Year-End Tips 2021: 11 Tips for Directors/Major Shareholders (DGAs)


Year-End Tips 2021: 11 Tips for Directors/Major Shareholders (DGAs)

December is the perfect time to check what tax-related steps you need to take before the end of the year or what would be better to postpone until the new year. These are the most important tips for Directors/Major Shareholders (DGAs).

1. Limit tax interest with a provisional assessment for corporation tax in 2021

Do you expect that your B.V. (private limited company under Dutch law) will have to pay additional corporation tax over 2021? You can limit the tax interest by requesting an additional provisional assessment for corporation tax in 2021 as soon as possible. If necessary, you can also request a payment scheme. Incidentally, until 31 December 2021 the interest on overdue tax is only 0.01% per year further to the consequences of the coronavirus. After 1 January 2022 the interest payable on overdue tax will rise again. 
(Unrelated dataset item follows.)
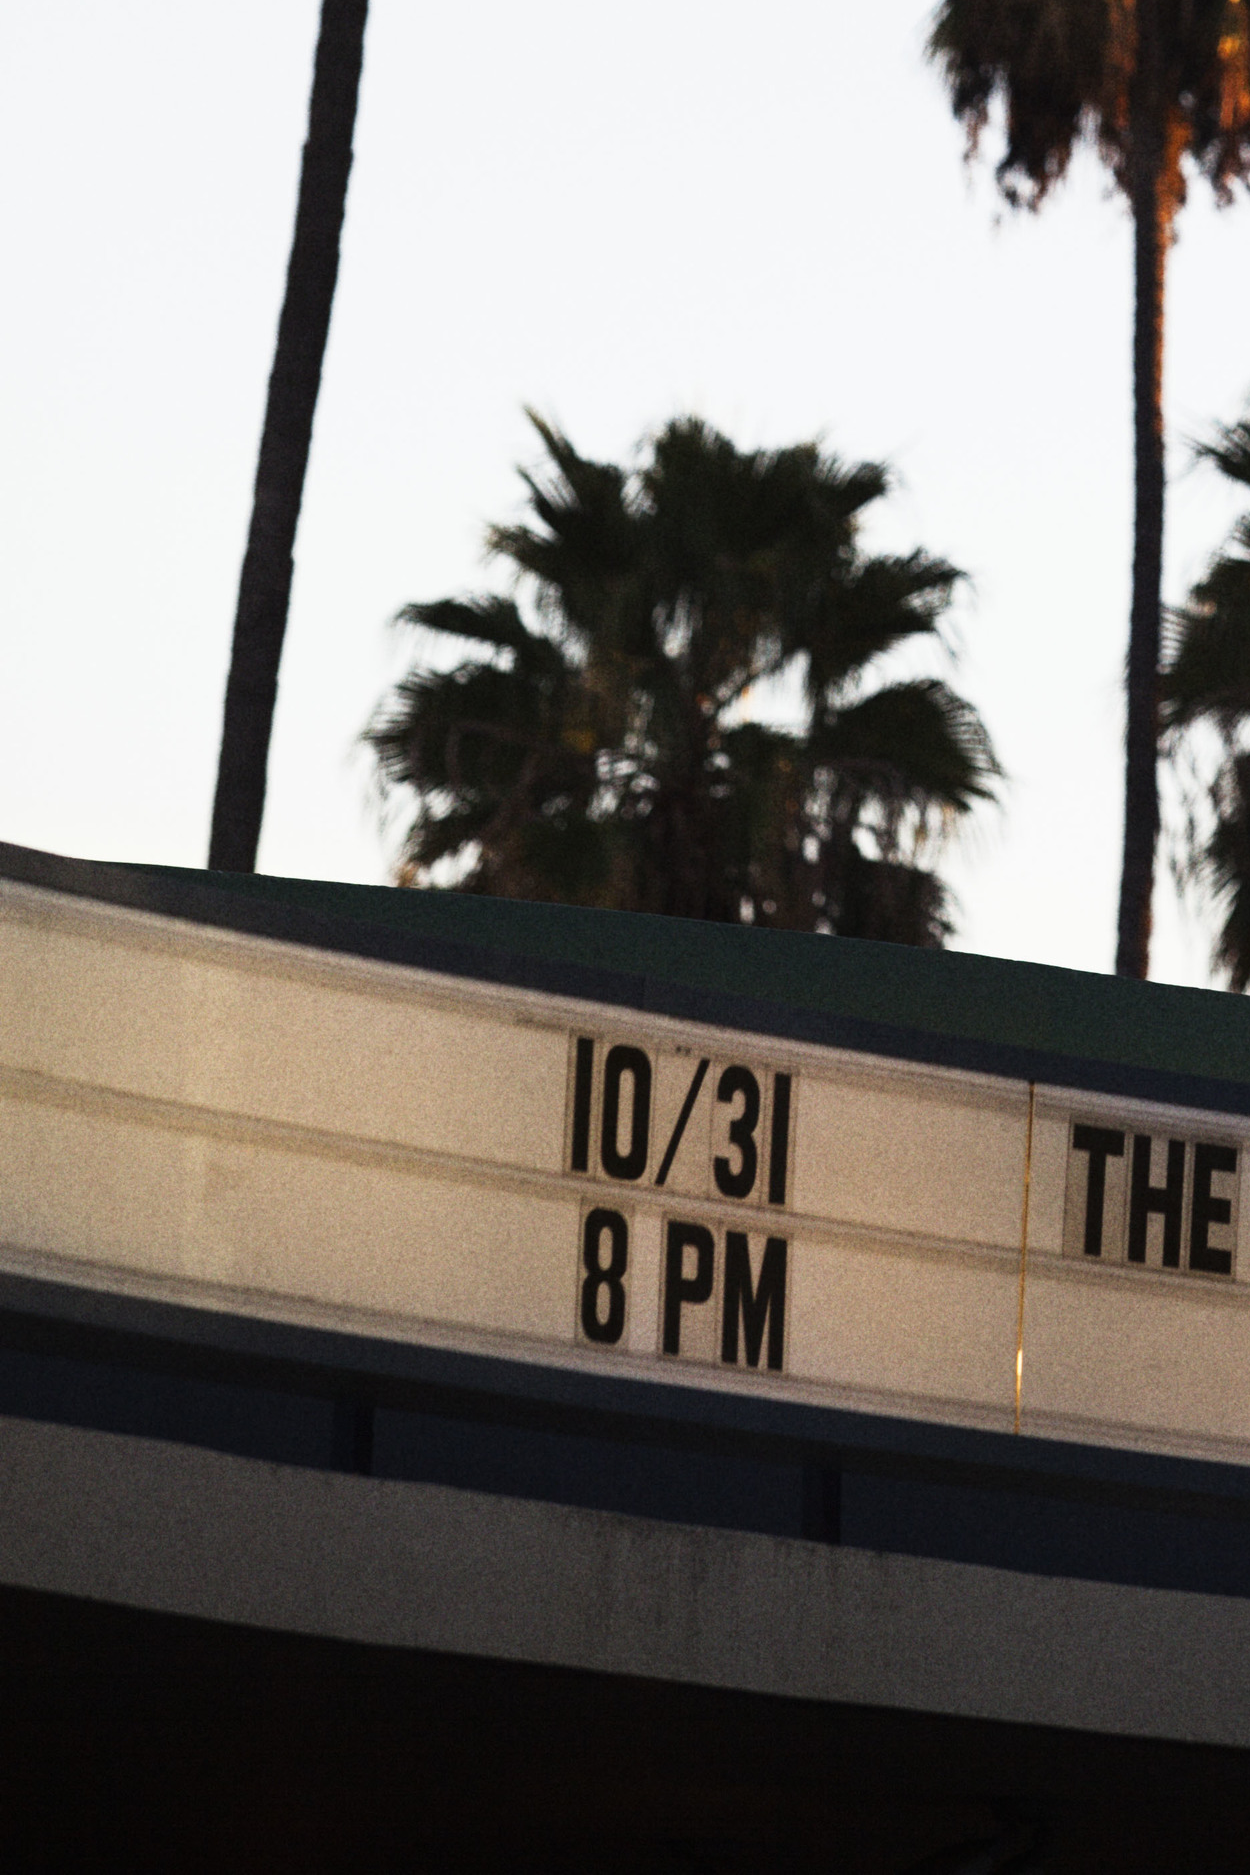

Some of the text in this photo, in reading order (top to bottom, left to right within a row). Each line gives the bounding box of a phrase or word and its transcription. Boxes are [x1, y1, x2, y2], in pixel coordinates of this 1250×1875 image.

2. Delay B.V. profit to 2022

The high rate for corporation tax will increase to 25.8%, while the low rate will remain 15%. The low rate threshold is to rise and will apply to profits up to €395,000 (€245,000 in 2021). If the taxable profit from your B.V. in 2021 amounts to more than €245,000 then you can gain a tax benefit of 10% by delaying part of the profit to 2022. But how do you do that? We would be happy to advise you.

3. Wait until after 1 January 2022 to recover a debt from your B.V. 

Wait to recover a debt from your B.V. until after 1 January 2022. That way you prevent it from being included right away in the box 3 levy on the reference date of 1 January 2022. 

4. Loss relief and losses no longer available for setoff dating from 2012

Loss carry forward without a time limitation will apply to losses incurred from 1 January 2022 or which could still be setoff at 31 December 2021. This new regulation also provides transition arrangements for losses incurred in financial years commencing on or after 1 January 2013. This means that losses available for setoff dating from 2012 can be settled for the last time this year. If the taxable profit from your B.V. in 2021 is too low, avoid losing the possibility to setoff losses by making a tax reserve or provision. Or sell business assets with hidden reserves to affiliated bodies. Here a sale & leaseback construction may offer a solution.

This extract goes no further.